** EXERCISE OBJECTIVE **
Your answer must be an exact copy of the records below, with no pictures in it.

Text-to-region grounding data
....

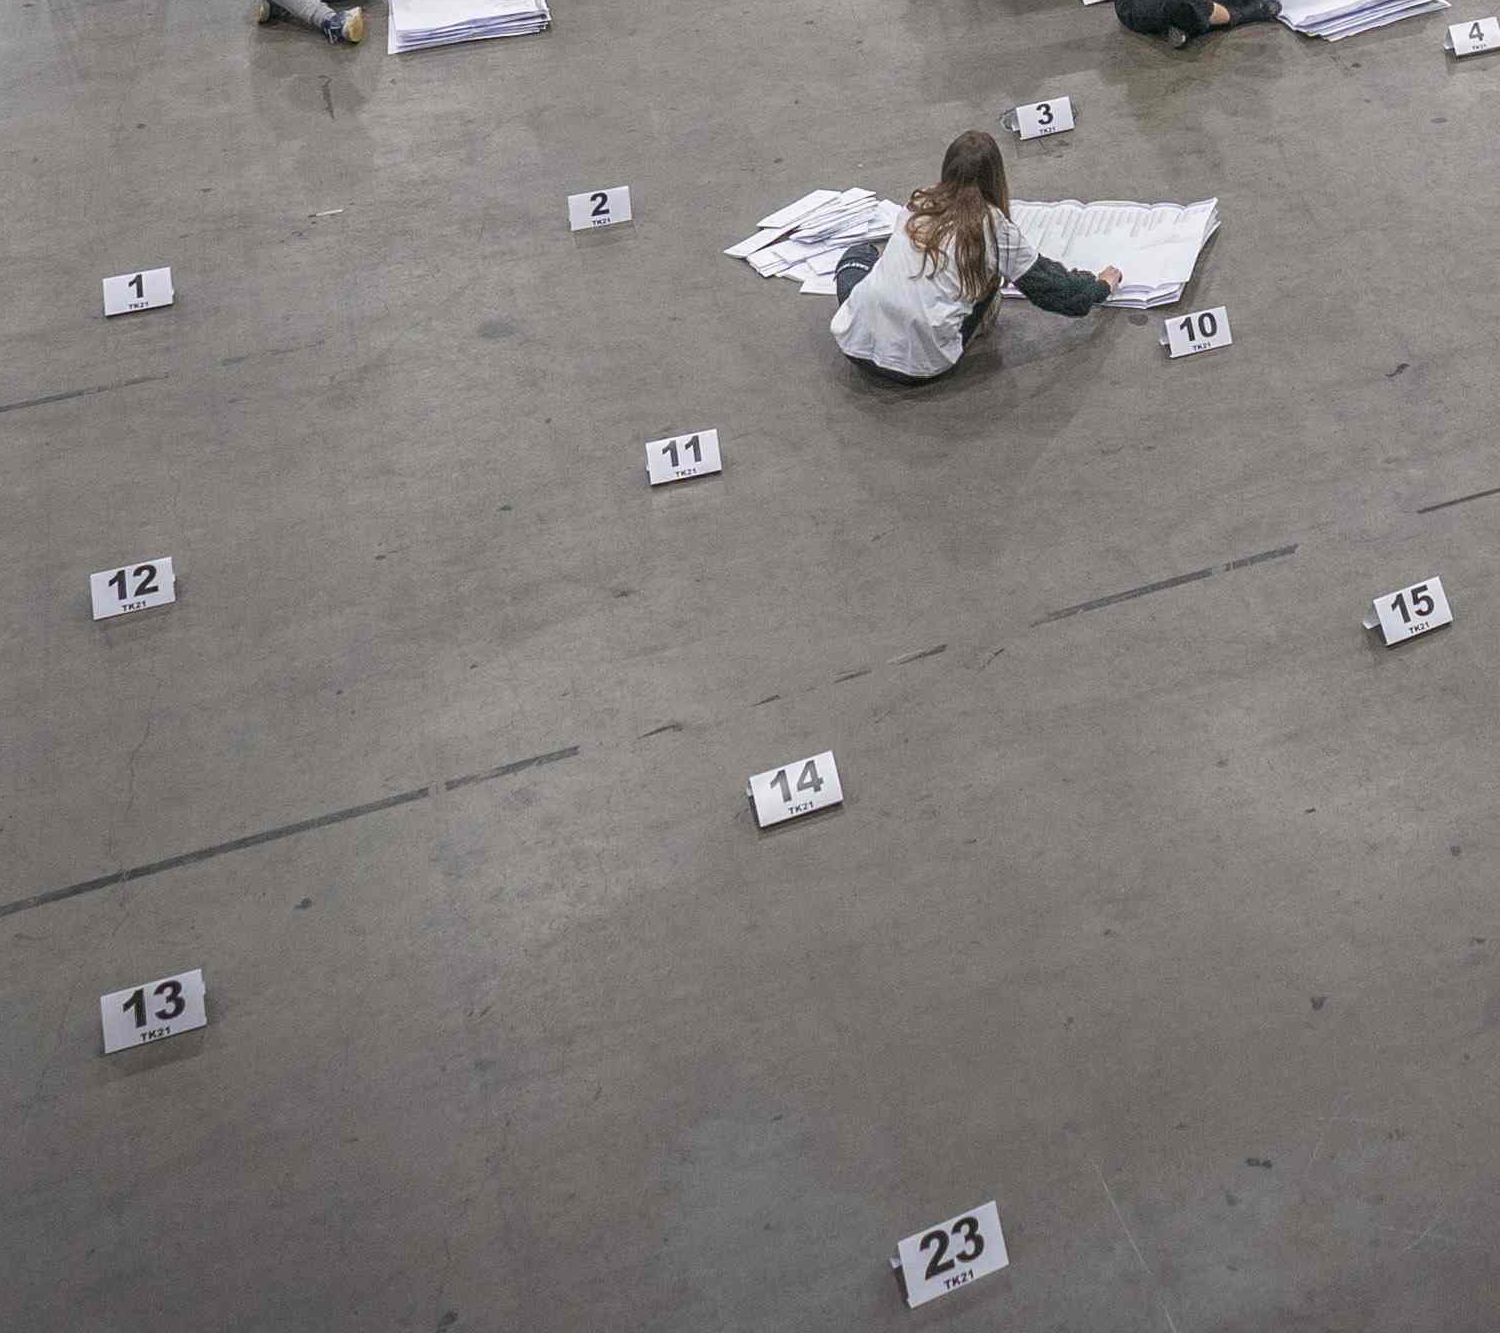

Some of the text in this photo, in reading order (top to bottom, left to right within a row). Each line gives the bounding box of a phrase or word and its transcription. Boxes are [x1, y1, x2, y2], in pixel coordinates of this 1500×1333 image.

[1467, 21, 1484, 42] 4
[1036, 104, 1053, 125] 3
[590, 192, 609, 216] 2
[129, 274, 143, 298] 1
[1180, 313, 1217, 341] 10
[662, 436, 701, 467] 11
[109, 561, 158, 596] 12
[122, 601, 146, 611] TK21
[1390, 585, 1434, 626] 15
[1410, 622, 1429, 633] TK21
[769, 760, 823, 803] 14
[790, 802, 812, 813] TK21
[123, 981, 185, 1028] 13
[140, 1027, 170, 1041] TK21
[920, 1217, 984, 1282] 23
[944, 1270, 973, 1289] TK21
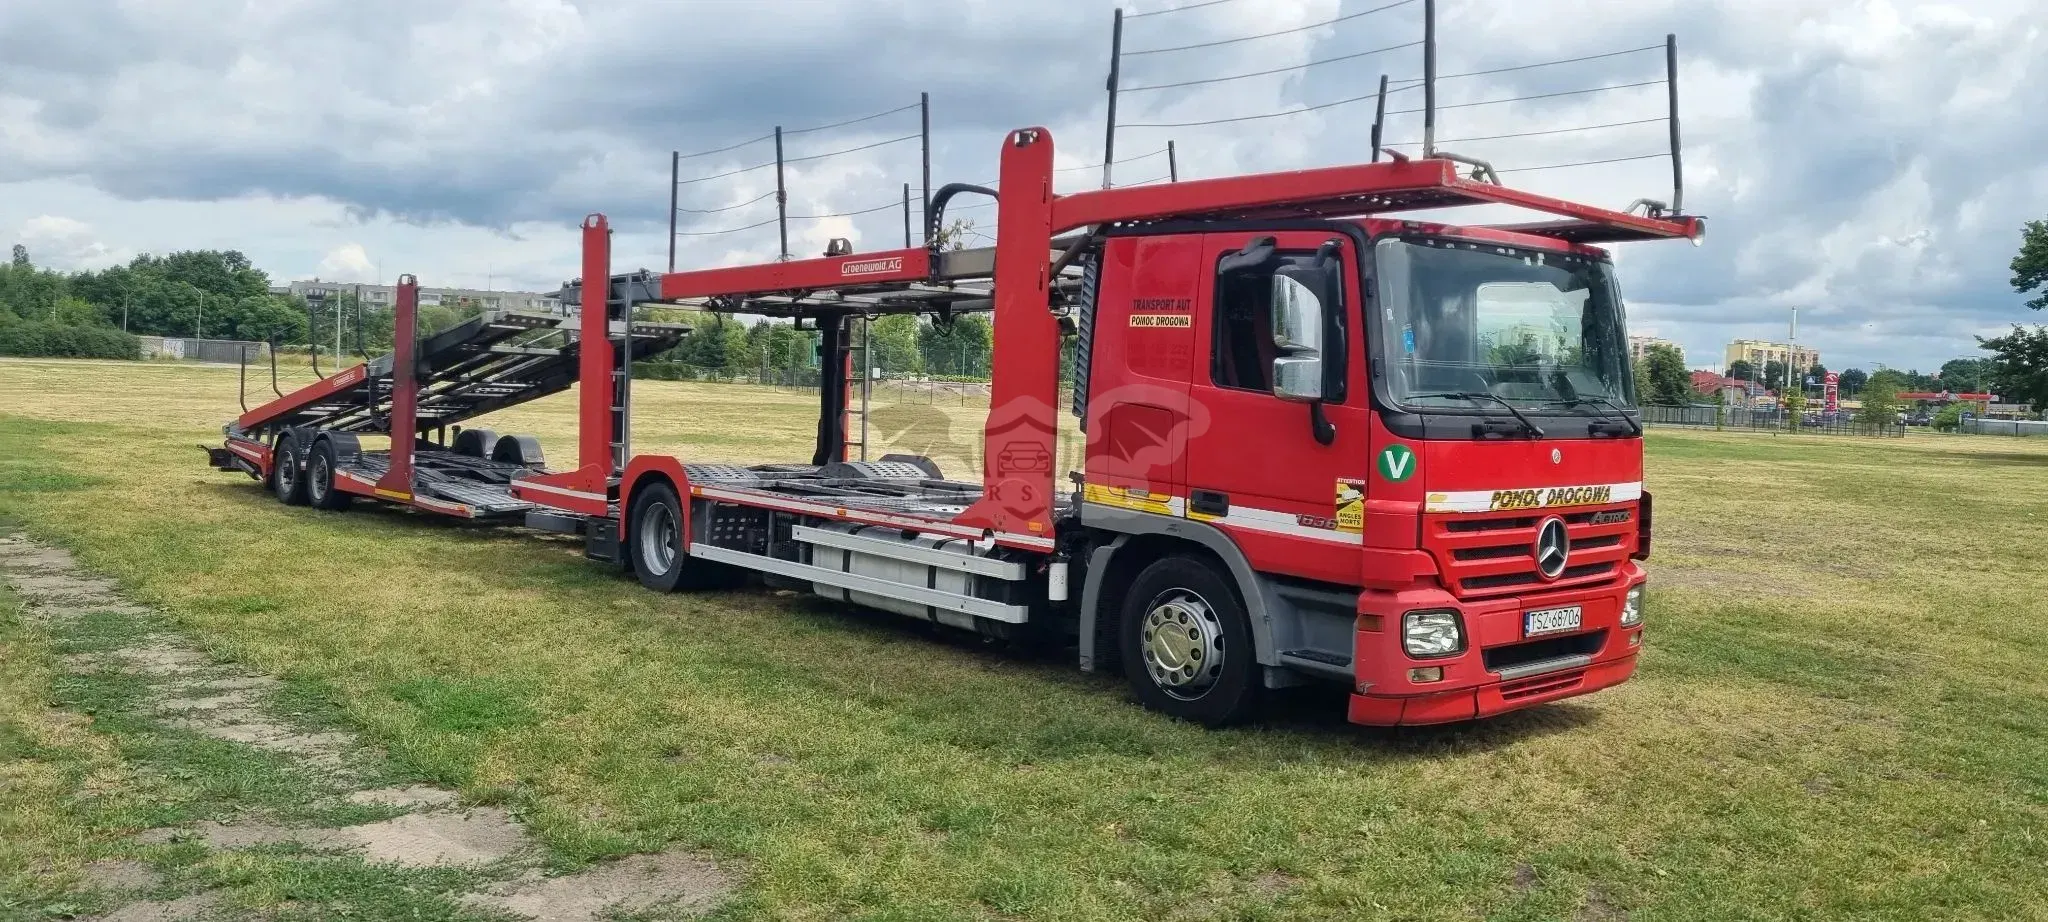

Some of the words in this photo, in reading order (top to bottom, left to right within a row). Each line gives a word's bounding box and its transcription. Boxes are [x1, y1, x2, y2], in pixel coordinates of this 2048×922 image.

[1132, 299, 1175, 311] TRANSPORT
[1177, 299, 1191, 311] AUT
[1131, 316, 1154, 326] POMOC
[1156, 316, 1189, 326] DROGOWA
[1385, 450, 1410, 478] V
[1336, 477, 1366, 485] ATTENTION
[1490, 490, 1544, 511] POMOC
[1545, 486, 1611, 505] DROGOWA
[1339, 512, 1361, 520] ANGLES
[1340, 518, 1360, 526] MORTS
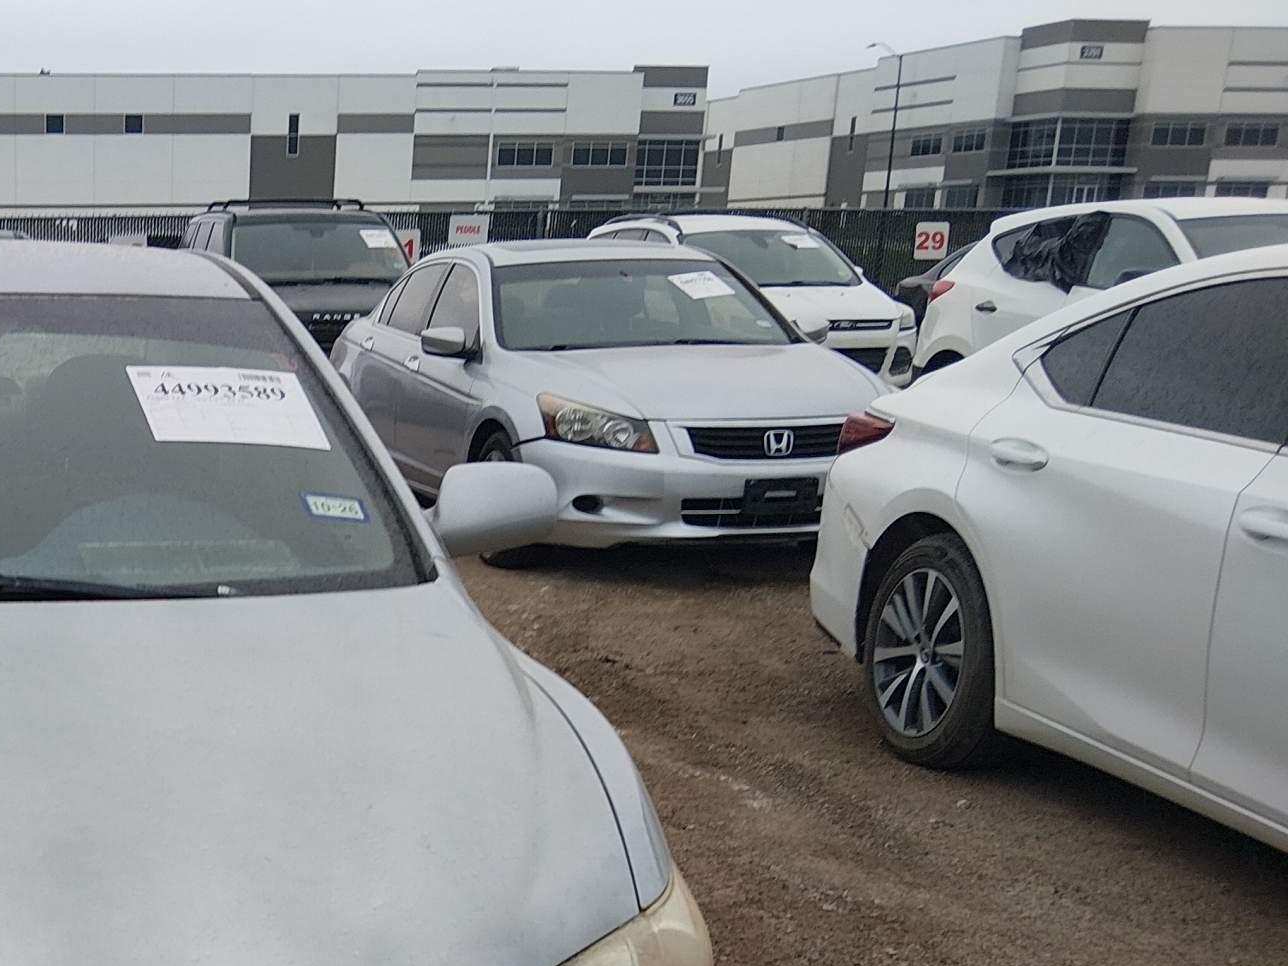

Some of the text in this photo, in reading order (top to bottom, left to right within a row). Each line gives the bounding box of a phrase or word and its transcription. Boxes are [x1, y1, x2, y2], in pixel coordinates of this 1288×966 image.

[916, 231, 945, 250] 29
[312, 313, 361, 321] RANGE
[153, 382, 286, 401] 44993589

....

** EXERCISE ANSWER **
Some of the text in this photo, in reading order (top to bottom, left to right within a row). Each line gives the bounding box of a phrase or word and its transcription. Boxes are [x1, y1, x2, y2], in pixel coordinates of this 1500×1333 image.

[1467, 21, 1484, 42] 4
[1036, 104, 1053, 125] 3
[590, 192, 609, 216] 2
[129, 274, 143, 298] 1
[1180, 313, 1217, 341] 10
[662, 436, 701, 467] 11
[109, 561, 158, 596] 12
[122, 601, 146, 611] TK21
[1390, 585, 1434, 626] 15
[1410, 622, 1429, 633] TK21
[769, 760, 823, 803] 14
[790, 802, 812, 813] TK21
[123, 981, 185, 1028] 13
[140, 1027, 170, 1041] TK21
[920, 1217, 984, 1282] 23
[944, 1270, 973, 1289] TK21

Some of the words in this photo, in reading order (top to bottom, left to right within a row). Each line gives a word's bounding box and its transcription. Boxes are [x1, y1, x2, y2], in pixel coordinates of this 2048×922 image.

[1132, 299, 1175, 311] TRANSPORT
[1177, 299, 1191, 311] AUT
[1131, 316, 1154, 326] POMOC
[1156, 316, 1189, 326] DROGOWA
[1385, 450, 1410, 478] V
[1336, 477, 1366, 485] ATTENTION
[1490, 490, 1544, 511] POMOC
[1545, 486, 1611, 505] DROGOWA
[1339, 512, 1361, 520] ANGLES
[1340, 518, 1360, 526] MORTS

Some of the text in this photo, in reading order (top to bottom, left to right within a row). Each line gives the bounding box of a phrase or word and its transcription. Boxes are [x1, y1, x2, y2], in pixel coordinates of this 1288×966 image.

[916, 231, 945, 250] 29
[312, 313, 361, 321] RANGE
[153, 382, 286, 401] 44993589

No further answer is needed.